There, they'd stack their captives upside down in the hold like nesting bowls. Tortoises could live up to a year without sustenance. 'They neither eat nor drink, nor is the least pains taken with them,' wrote Owen Chase, the ship's first mate. 'They are strewed over the deck, thrown under foot, or packed away in the hold, as it suits convenience.' The Essex took more than 60 of Floreana's tortoises, which had the curved shells known as saddlebacks and were, Nickerson wrote, 'the most rich flavourd and delicious meat I have ever met with.' Then the ship set off for the Pacific whaling grounds, where, a month later, it was rammed by a whale, a disaster that provided the inspiration for Herman Melville's Moby-Dick.
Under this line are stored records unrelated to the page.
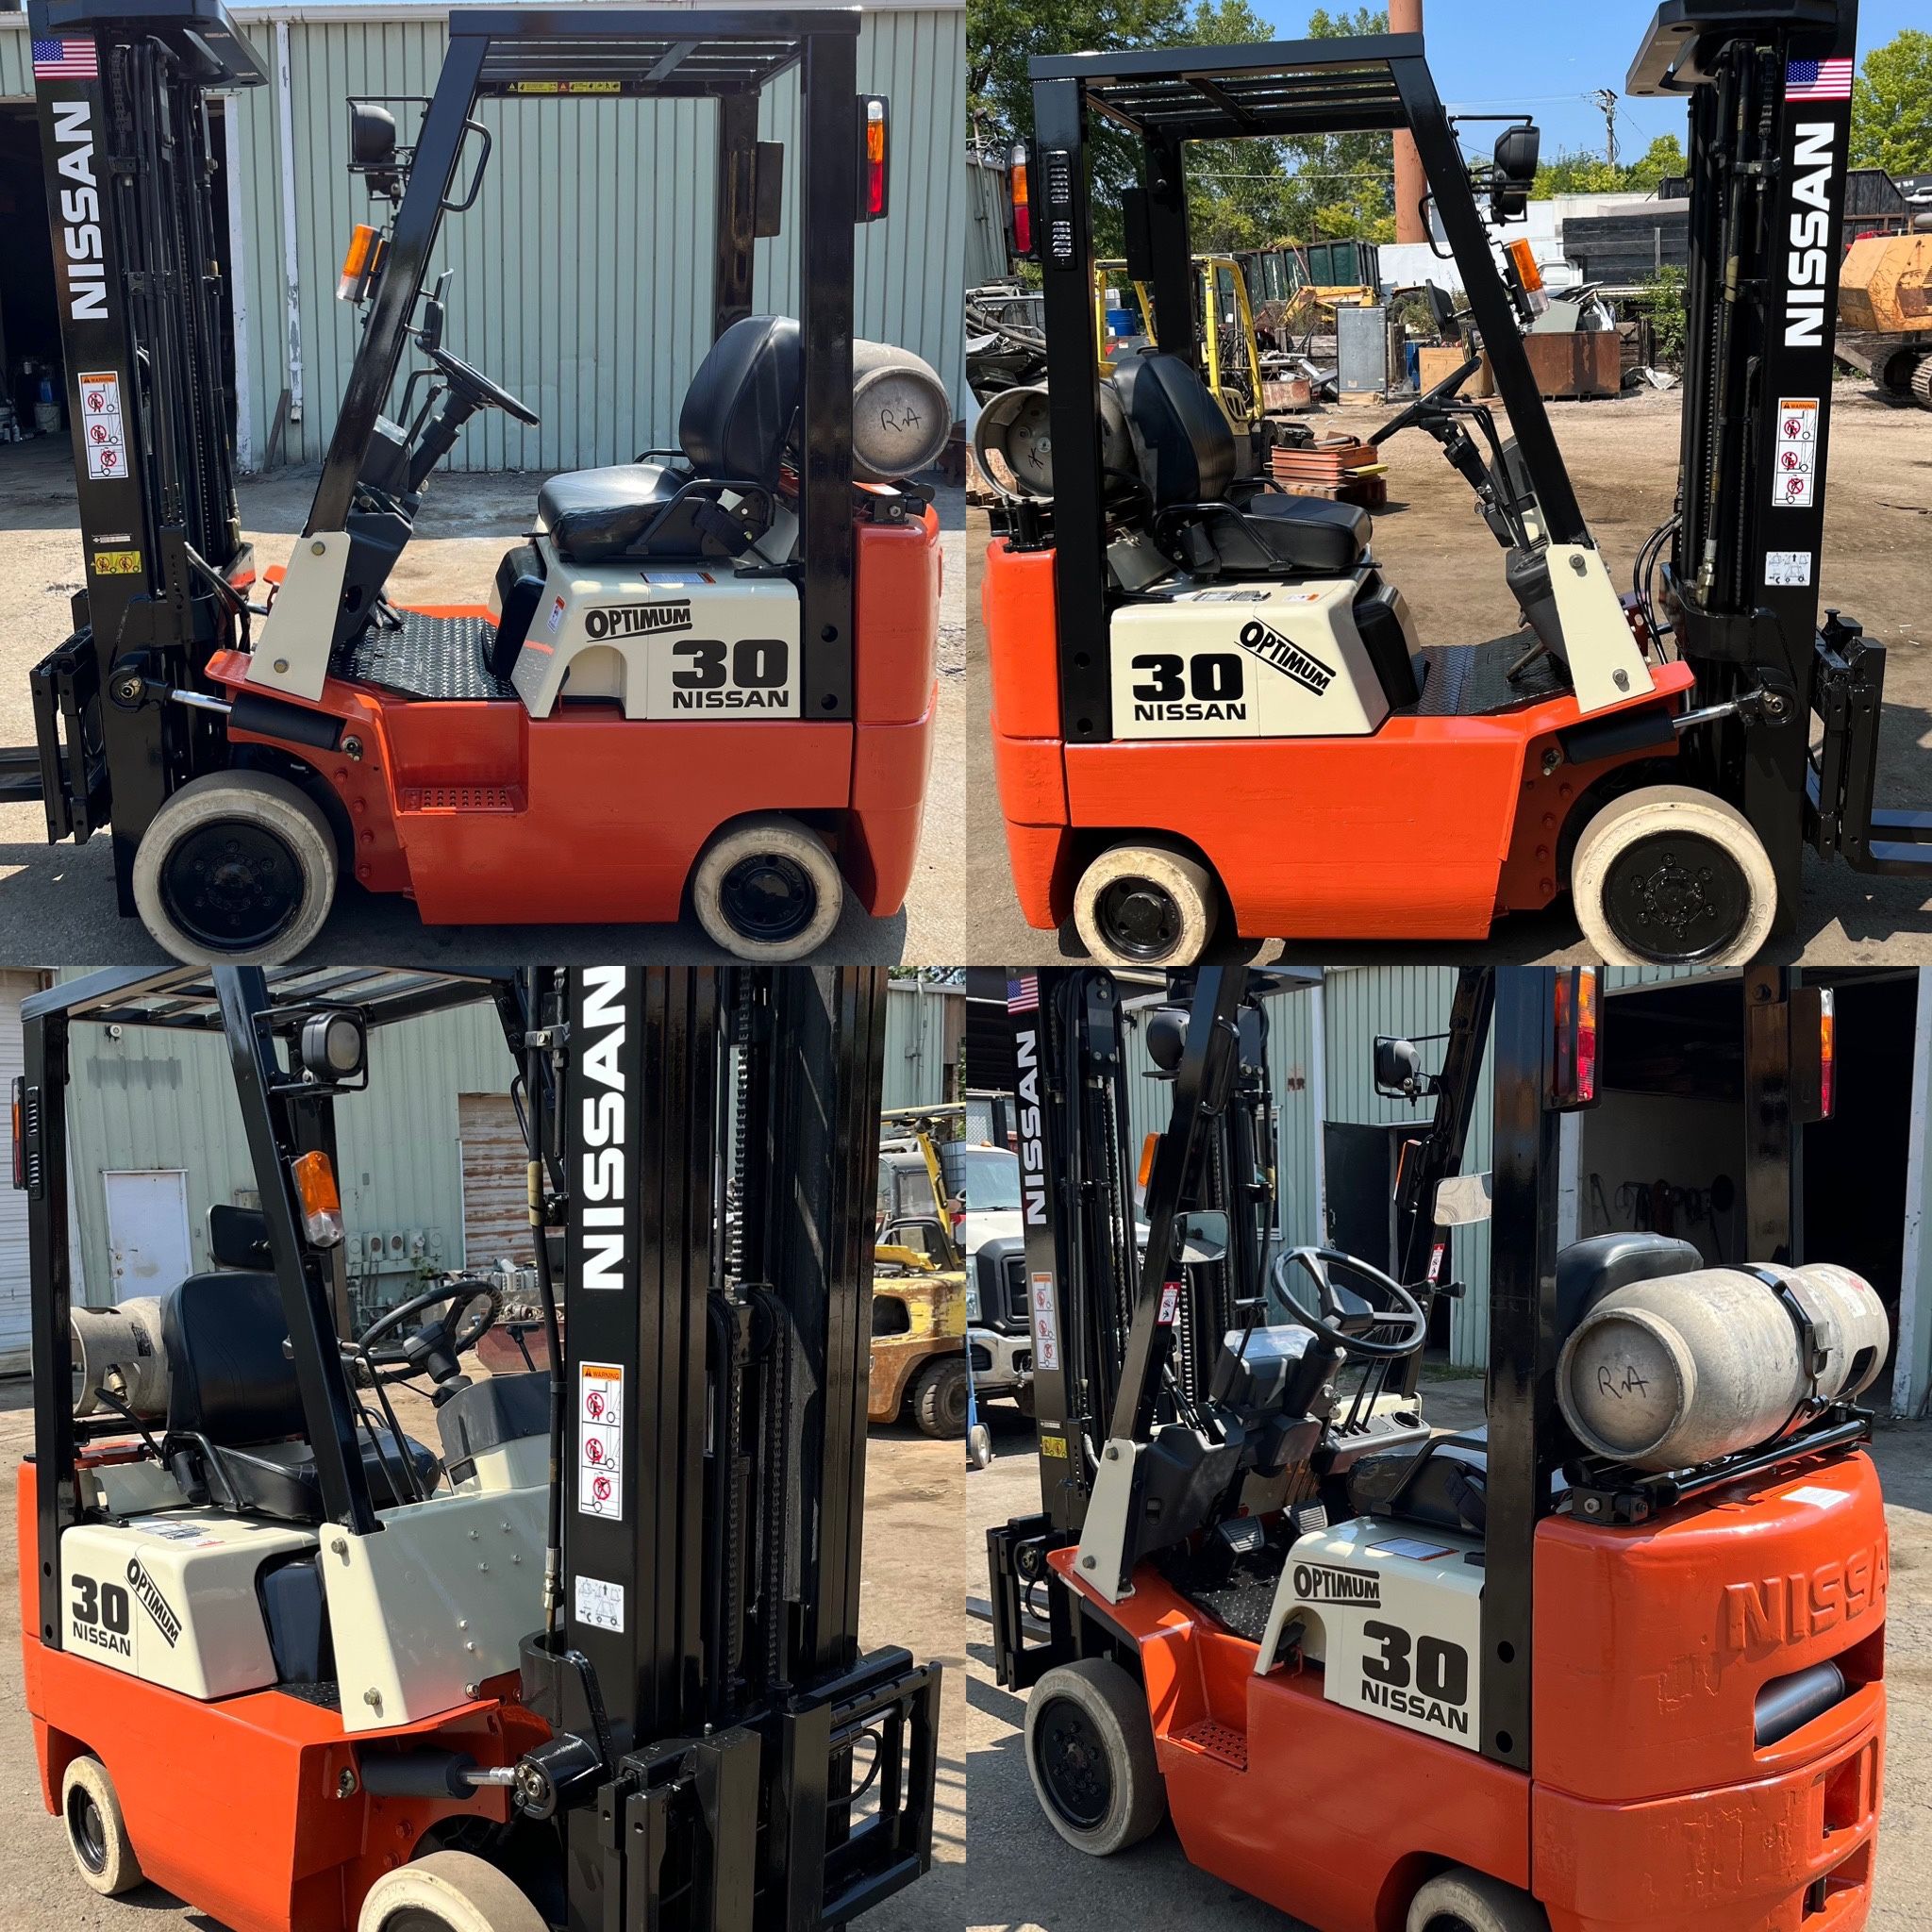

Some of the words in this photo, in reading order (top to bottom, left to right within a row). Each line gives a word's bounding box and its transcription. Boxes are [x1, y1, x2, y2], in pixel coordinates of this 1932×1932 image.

[53, 102, 108, 320] NISSAN
[1785, 123, 1835, 347] NISSAN
[586, 608, 691, 639] OPTIMUM
[673, 640, 789, 689] 30
[1132, 654, 1244, 701] 30
[1241, 621, 1330, 691] OPTIMUM
[673, 691, 789, 709] NISSAN
[1134, 703, 1246, 722] NISSAN
[583, 966, 626, 1290] NISSAN
[1016, 1029, 1047, 1225] NISSAN
[592, 1371, 620, 1380] WARNING
[72, 1574, 129, 1636] 30
[127, 1558, 181, 1643] OPTIMUM
[1293, 1564, 1380, 1599] OPTIMUM
[73, 1621, 131, 1657] NISSAN
[1362, 1620, 1469, 1707] 30
[1361, 1679, 1469, 1735] NISSAN
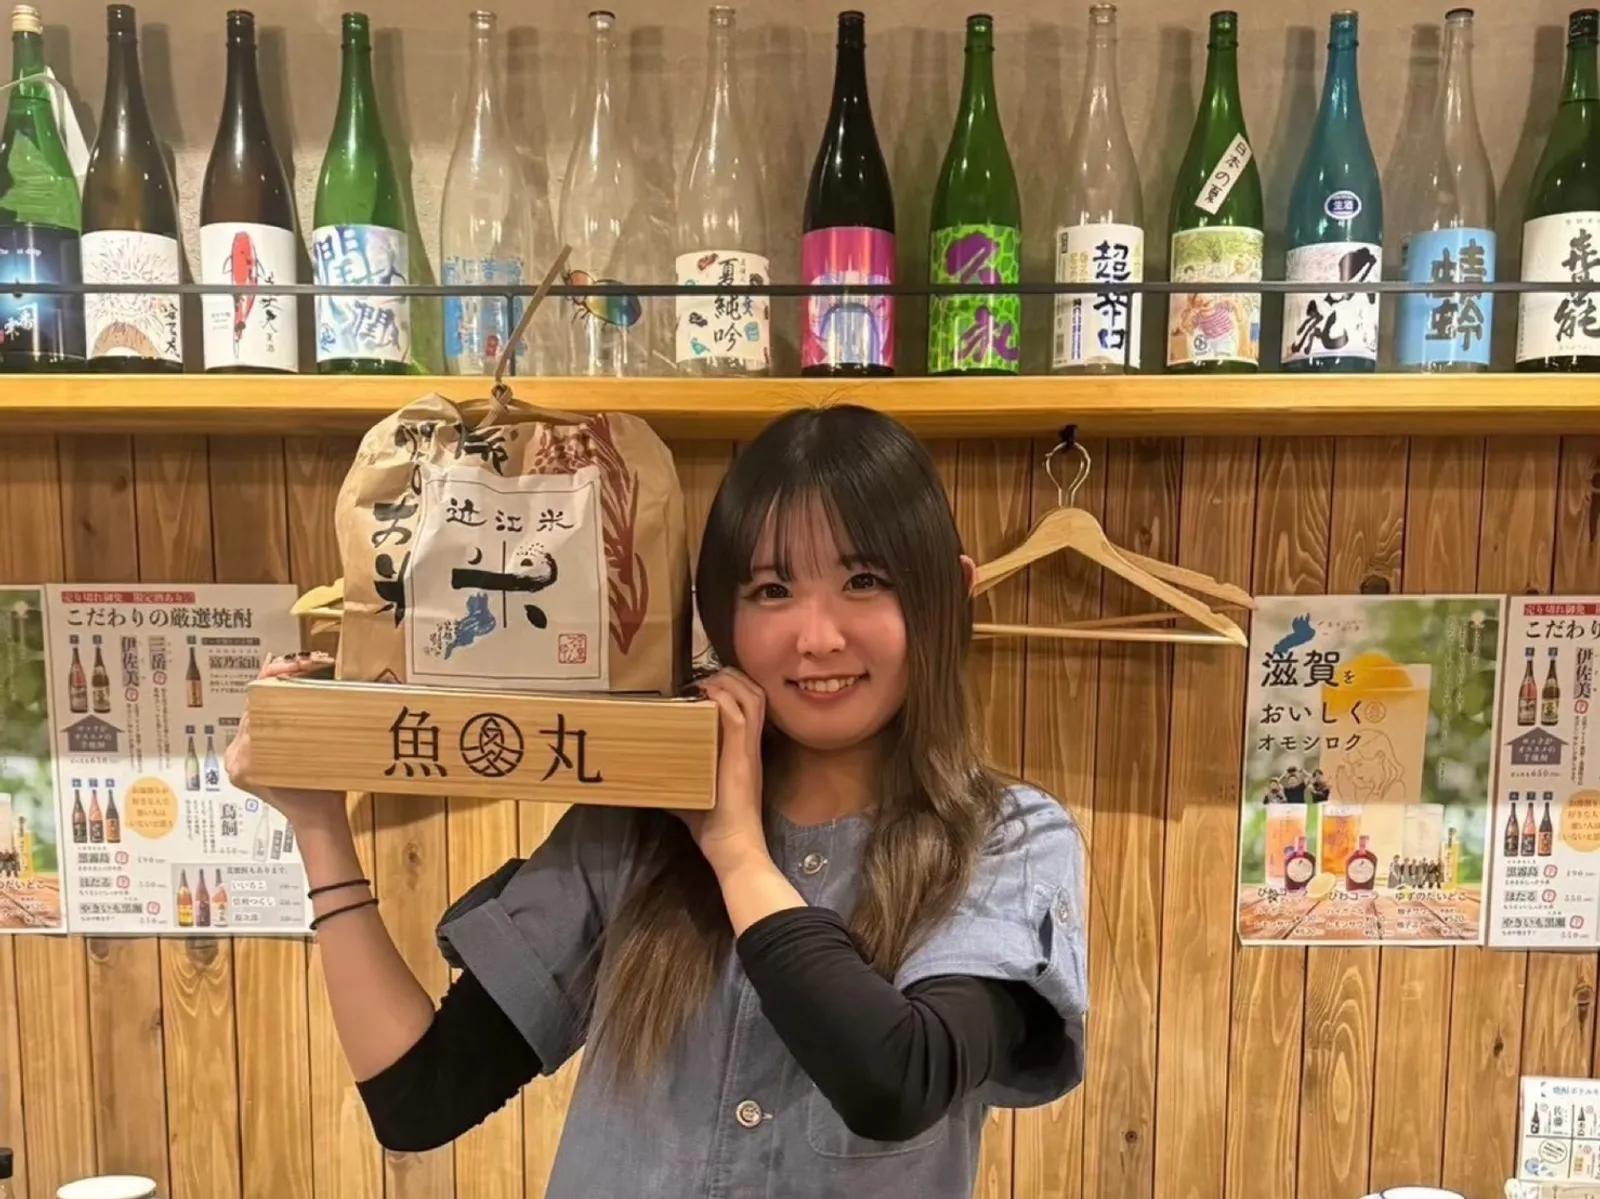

The sailors salvaged as many tortoises from the foundering ship as they could fit on their small whaleboats, eating them—and eventually, each other—on their ill-fated voyage back to the South American mainland. The other tortoises sank with the ship or floated away. A hybrid Floreana tortoise walks along the foothills of Wolf Volcano in North Isabela Island
The Essex was far from alone in its plundering of Galápagos tortoises. When Charles Darwin arrived at Floreana in 1835 on the journey that would spark his theory of evolution, he heard of whaling vessels taking as many as 700 tortoises on one visit. 'Their numbers have of course been greatly reduced in this island,' he wrote. Historians estimate that between 1774 and 1860, passing ships took some 100,000 of the nearly 300,000 tortoises that lived on the islands when the Spanish arrived in 1535, driving populations of all 15 Galápagos tortoise species into steep decline and three to extinction. The Floreana tortoise, last seen in the 1850s, was the first to disappear.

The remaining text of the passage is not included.